• _Data to process_
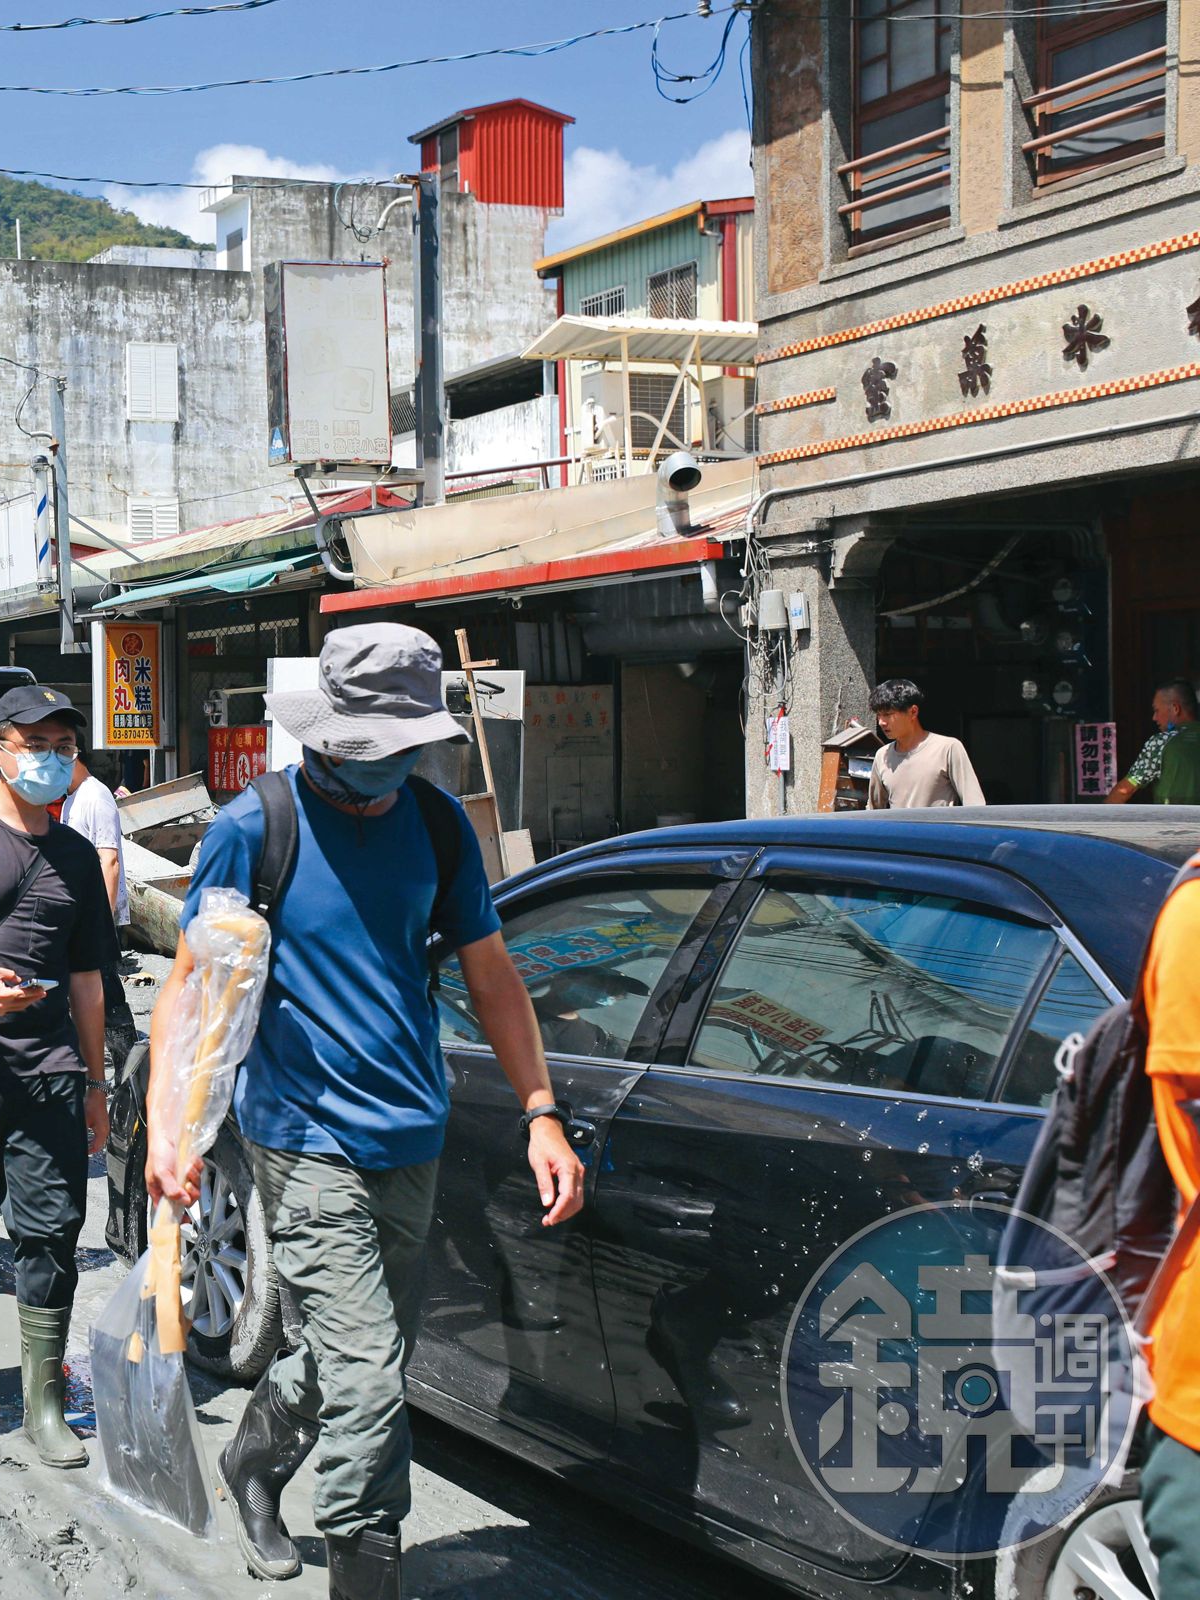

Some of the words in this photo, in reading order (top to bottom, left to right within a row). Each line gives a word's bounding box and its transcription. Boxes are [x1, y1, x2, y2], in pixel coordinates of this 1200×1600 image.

[114, 657, 132, 711] 肉丸
[134, 657, 152, 711] 米糕
[1080, 726, 1100, 793] 請勿停車
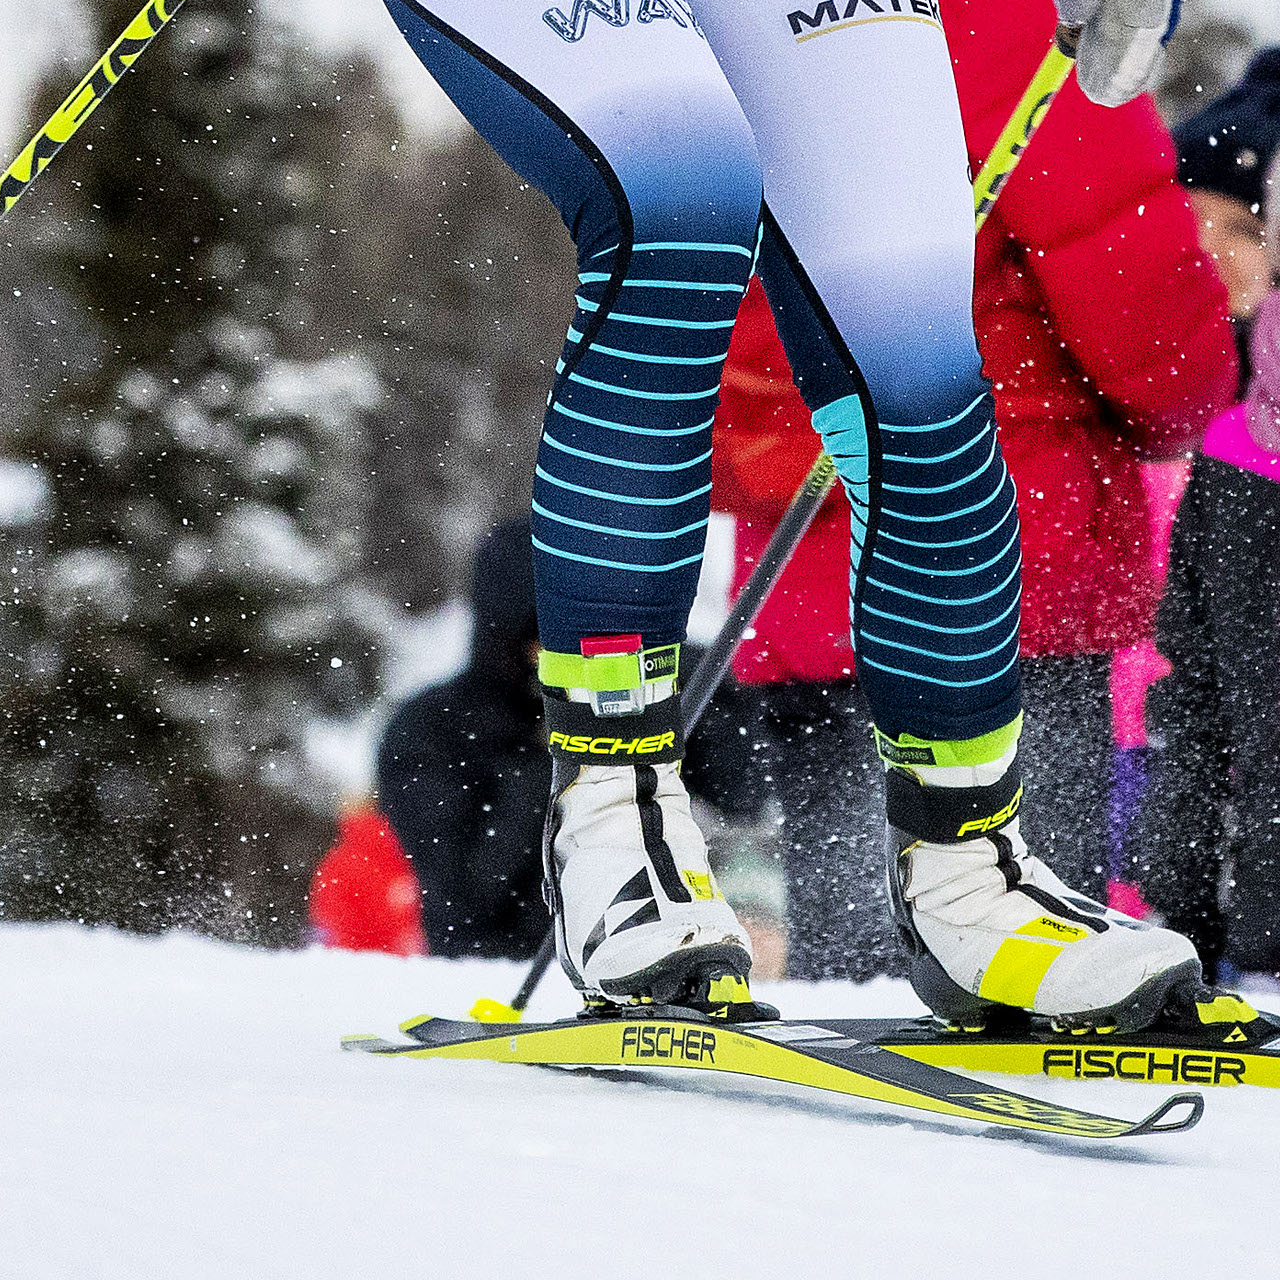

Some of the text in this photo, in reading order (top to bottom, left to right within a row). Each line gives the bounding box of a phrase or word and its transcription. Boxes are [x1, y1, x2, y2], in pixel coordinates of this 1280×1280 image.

[549, 731, 676, 755] FISCHER
[621, 1025, 717, 1064] FISCHER
[1042, 1049, 1247, 1084] FISCHER

• _Instructions to follow_
Leave out the images and copy all remaining data word for word.

• _Result of the exercise_
Some of the words in this photo, in reading order (top to bottom, left to right within a row). Each line gives a word's bounding box and its transcription. Boxes are [x1, y1, x2, y2], in pixel coordinates of this 1200×1600 image.

[114, 657, 132, 711] 肉丸
[134, 657, 152, 711] 米糕
[1080, 726, 1100, 793] 請勿停車

Some of the text in this photo, in reading order (top to bottom, left to right within a row). Each line gives the bounding box of a phrase or word and its transcription. Boxes are [x1, y1, x2, y2], in pixel coordinates of this 1280×1280 image.

[549, 731, 676, 755] FISCHER
[621, 1025, 717, 1064] FISCHER
[1042, 1049, 1247, 1084] FISCHER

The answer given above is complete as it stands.